Objective: To analyze the interactions between clobazam and the benzodiazepine binding site, with focus on subtype-dependent interactions with the α-subunit subtypes. Background Clobazam, a 1,5-benzodiazepine, is in FDA review for Lennox-Gastaut syndrome. Design/Methods: To better understand the observed clinical profile of clobazam, we first characterized its GABA A -receptor-subtype–dependent positive allosteric modulation. Both clobazam and N-CLB were determined to be positive modulators. The benzodiazepine binding site was studied in a homology model. The primary template employed in the homology model was the X-ray structure of the glutamate-gated chloride channel from C. elegans. 1 Interaction patterns were analyzed through a pharmacophore model based on the consensus approach published by Cook and colleagues. 2 The pharmacophore model was extended to summarize the published structure-activity data for benzodiazepines exhibiting subtype-dependent binding to GABA receptors. Results: The homology model provides a suggested binding mode of clobazam consistent with published mutation data. Analysis indicates that there are only very few unconserved residues in the binding site. However, a less conserved part of the sequence forms the basis of a loop (the C-loop), which is important for the size and shape of the binding site. Results from the homology and pharmacophore models were consistent and further strengthen the hypothesis of which regions are most important for subtype-dependent binding — the pocket occupied by the 7-substituent and probably the 1,5-motif interacting with both the α- and the γ-subunits. Conclusions: Subtype-dependent differences in clobazam binding to the benzodiazepine site are indicated not as a result of unconserved residues in the core binding site, but rather as a result of less-conserved parts of the sequence that lead to different positions and dynamics of important loops in the binding site region. 1 Hibbs RE, et al.

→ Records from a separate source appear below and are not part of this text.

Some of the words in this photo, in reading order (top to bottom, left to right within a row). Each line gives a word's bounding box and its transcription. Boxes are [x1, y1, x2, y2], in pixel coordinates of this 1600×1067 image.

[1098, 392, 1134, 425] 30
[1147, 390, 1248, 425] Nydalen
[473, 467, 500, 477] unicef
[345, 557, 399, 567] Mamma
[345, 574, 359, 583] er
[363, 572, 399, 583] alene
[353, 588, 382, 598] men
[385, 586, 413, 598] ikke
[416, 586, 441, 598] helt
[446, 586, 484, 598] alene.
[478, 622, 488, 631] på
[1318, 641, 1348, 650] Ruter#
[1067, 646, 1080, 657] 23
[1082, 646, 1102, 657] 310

Nature . 2011;474:54–60. 2 Clayton T, et al. Curr Med Chem . 2007;14:2755–75. Supported by: H. Lundbeck A/S. Disclosure: Dr. Techau Bruun has received personal compensation for activities with Lundbeck Research USA, Inc. as an employee. Dr. Sindal Jensen has received personal compensation for activities with H. Lundbeck A/S as an employee. Dr. Ebert has received personal compensation for activities with Lundbeck Research USA as an employee.